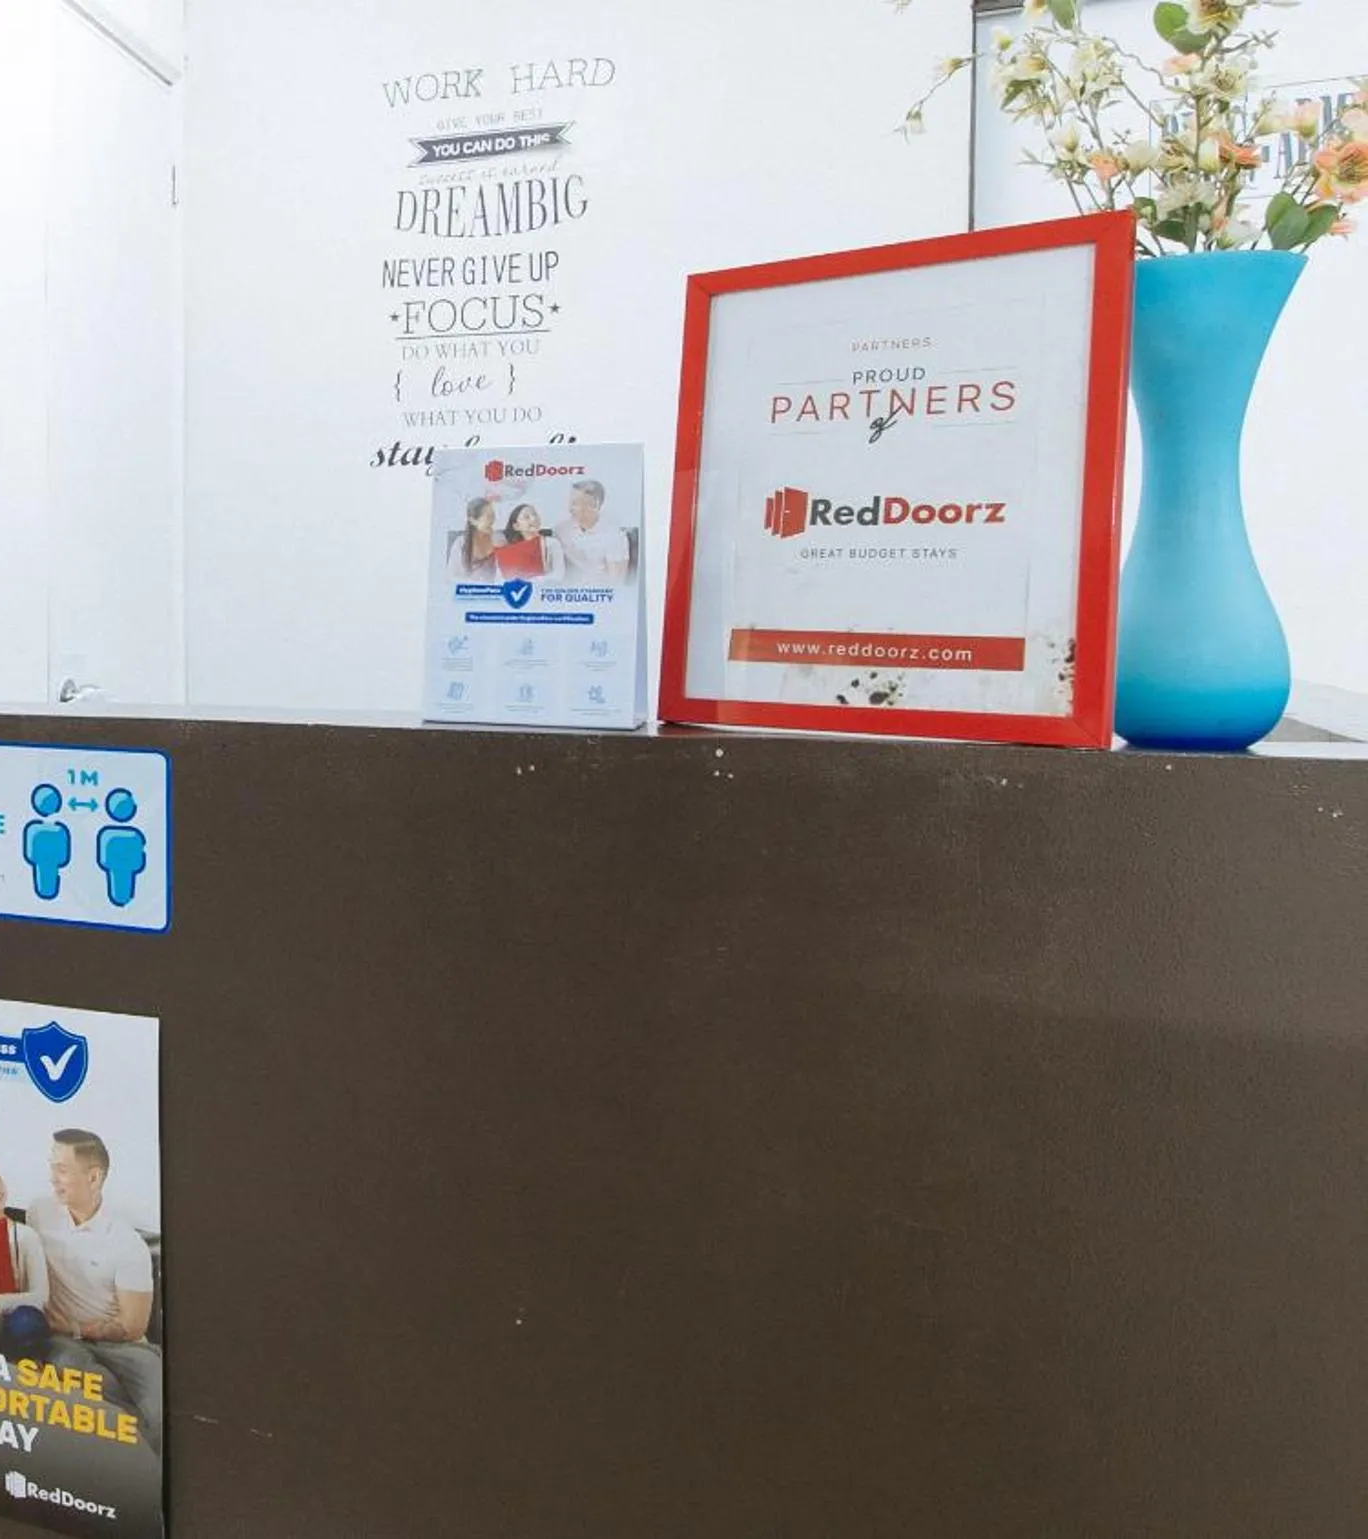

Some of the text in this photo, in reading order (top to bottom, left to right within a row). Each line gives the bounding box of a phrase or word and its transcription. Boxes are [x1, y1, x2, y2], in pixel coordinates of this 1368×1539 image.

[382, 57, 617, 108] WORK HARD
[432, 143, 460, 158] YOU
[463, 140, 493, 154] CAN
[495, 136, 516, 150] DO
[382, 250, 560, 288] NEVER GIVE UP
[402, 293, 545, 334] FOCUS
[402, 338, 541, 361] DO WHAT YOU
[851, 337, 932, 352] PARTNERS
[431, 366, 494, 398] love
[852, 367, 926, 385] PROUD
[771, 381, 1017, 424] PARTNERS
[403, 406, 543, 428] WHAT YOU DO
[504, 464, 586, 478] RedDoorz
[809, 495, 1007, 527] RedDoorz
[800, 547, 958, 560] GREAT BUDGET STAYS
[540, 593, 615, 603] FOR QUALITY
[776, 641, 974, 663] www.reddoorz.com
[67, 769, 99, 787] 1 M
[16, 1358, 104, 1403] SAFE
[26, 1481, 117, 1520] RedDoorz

• [Assignment]
Print the whole listing above exactly, and keep every picture out of the copy.

• [Output]
Some of the text in this photo, in reading order (top to bottom, left to right within a row). Each line gives the bounding box of a phrase or word and its transcription. Boxes are [x1, y1, x2, y2], in pixel coordinates of this 1368×1539 image.

[382, 57, 617, 108] WORK HARD
[432, 143, 460, 158] YOU
[463, 140, 493, 154] CAN
[495, 136, 516, 150] DO
[382, 250, 560, 288] NEVER GIVE UP
[402, 293, 545, 334] FOCUS
[402, 338, 541, 361] DO WHAT YOU
[851, 337, 932, 352] PARTNERS
[431, 366, 494, 398] love
[852, 367, 926, 385] PROUD
[771, 381, 1017, 424] PARTNERS
[403, 406, 543, 428] WHAT YOU DO
[504, 464, 586, 478] RedDoorz
[809, 495, 1007, 527] RedDoorz
[800, 547, 958, 560] GREAT BUDGET STAYS
[540, 593, 615, 603] FOR QUALITY
[776, 641, 974, 663] www.reddoorz.com
[67, 769, 99, 787] 1 M
[16, 1358, 104, 1403] SAFE
[26, 1481, 117, 1520] RedDoorz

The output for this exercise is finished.